Updated: Industry bodies set out wishes as new Defra team confirmed

Industry bodies are lining up to meet with Andrea Leadsom following her appointment as the new environment secretary replacing Liz Truss, now justice secretary, while George Eustice retains his Defra role and Therese Coffey replaces Rory Stewart at the department.

Andrea Leadsom
Andrea Leadsom

Greg Clarke is the new Business, Energy and Industrial strategy Secretary and Sajid Javid is new Communities secretary. 

Rory Stewart has moved from Defra to the Department for International Development. Therese Coffey is new. George Eustice and Lord Gardiner keep their roles. Marcus Jones remains as parks minister within DCLG.

Brexit campaigner Eustice said: "I said during the [Brexit] campaign that I hoped to be the first Farming Minister in over 40 years with the power to design a new national agriculture policy starting from first principles, so I am delighted to be continuing at Defra.

"While there is a huge task ahead I am looking forward to the opportunities we now have to do things differently outside the EU."

Coffey, the Conservative MP for Suffolk Coastal, voted in February 2011 in favour of the coalition Government selling public forests and woodland, a move that was subsequently dropped after widespread protests. Coffey backed the remain camp in the recent EU membership referendum.

President Meurig Raymond said: "I would like to congratulate Mrs Leadsom on her appointment as Defra Secretary of State. I, along with the rest of the NFU officeholder team, will be looking to arrange a meeting with her as soon as possible. The NFU hopes it can work with her in a similarly productive manner as it did with her predecessor Liz Truss.

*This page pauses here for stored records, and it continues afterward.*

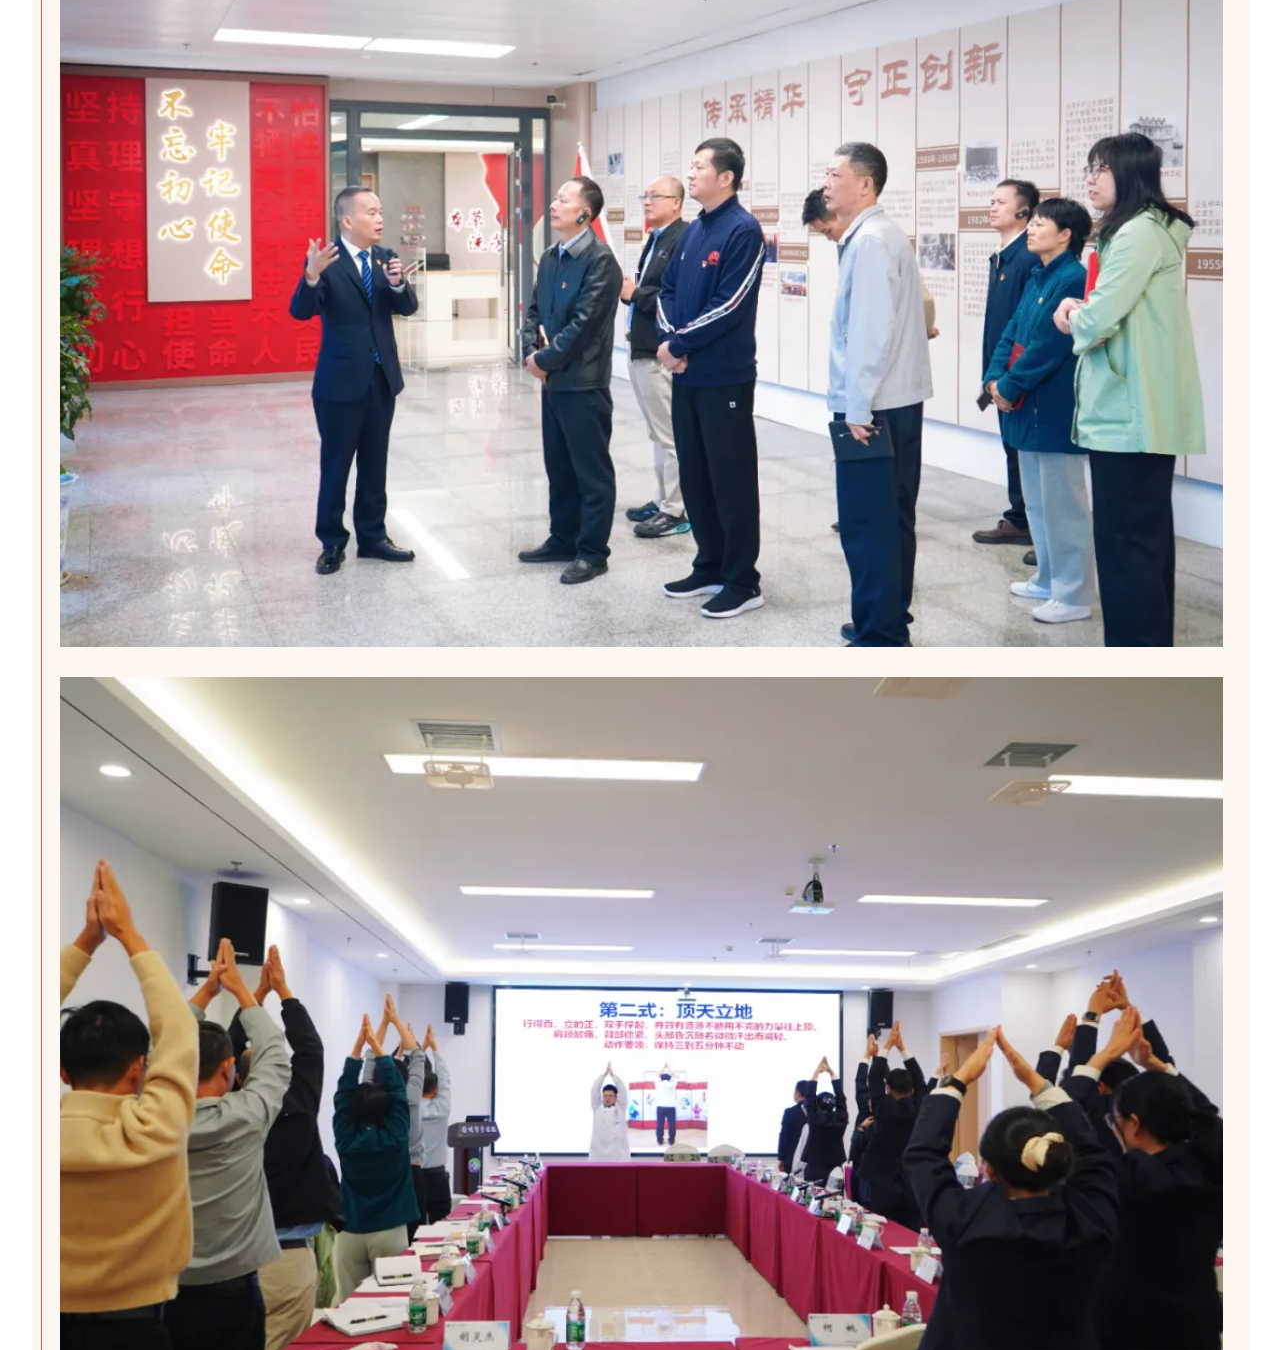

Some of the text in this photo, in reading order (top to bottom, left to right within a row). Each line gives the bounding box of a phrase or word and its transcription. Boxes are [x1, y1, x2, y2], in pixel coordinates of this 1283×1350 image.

[844, 42, 1003, 106] 守正创新
[703, 82, 806, 129] 传承精华
[157, 88, 197, 240] 不忘初心
[201, 120, 242, 284] 牢记使命
[1197, 258, 1223, 270] 1955
[599, 1002, 753, 1019] 第二式：顶天立地

"Following a period of uncertainty we are now entering a significant time for our nation following the Brexit vote and the NFU and farming industry is looking forward to working closely with Mrs Leadsom as we together help forge the future of farming and food production in this country. At the forefront will be a new domestic agricultural policy. This should encourage growth, innovation, productivity and profitability.

"However, there are also many issues that need addressing more immediately - we need a simpler application process and improved delivery for BPS; we need a guarantee from Government that agreements for farmers in agri-environment schemes will be honoured in full; we need a continuing commitment to the 25-year TB eradication strategy. And above all, we hope that Mrs Leadsom will champion British food and farming.  Our industry has a great story to tell and it’s an industry that is optimistic about meeting the challenges ahead.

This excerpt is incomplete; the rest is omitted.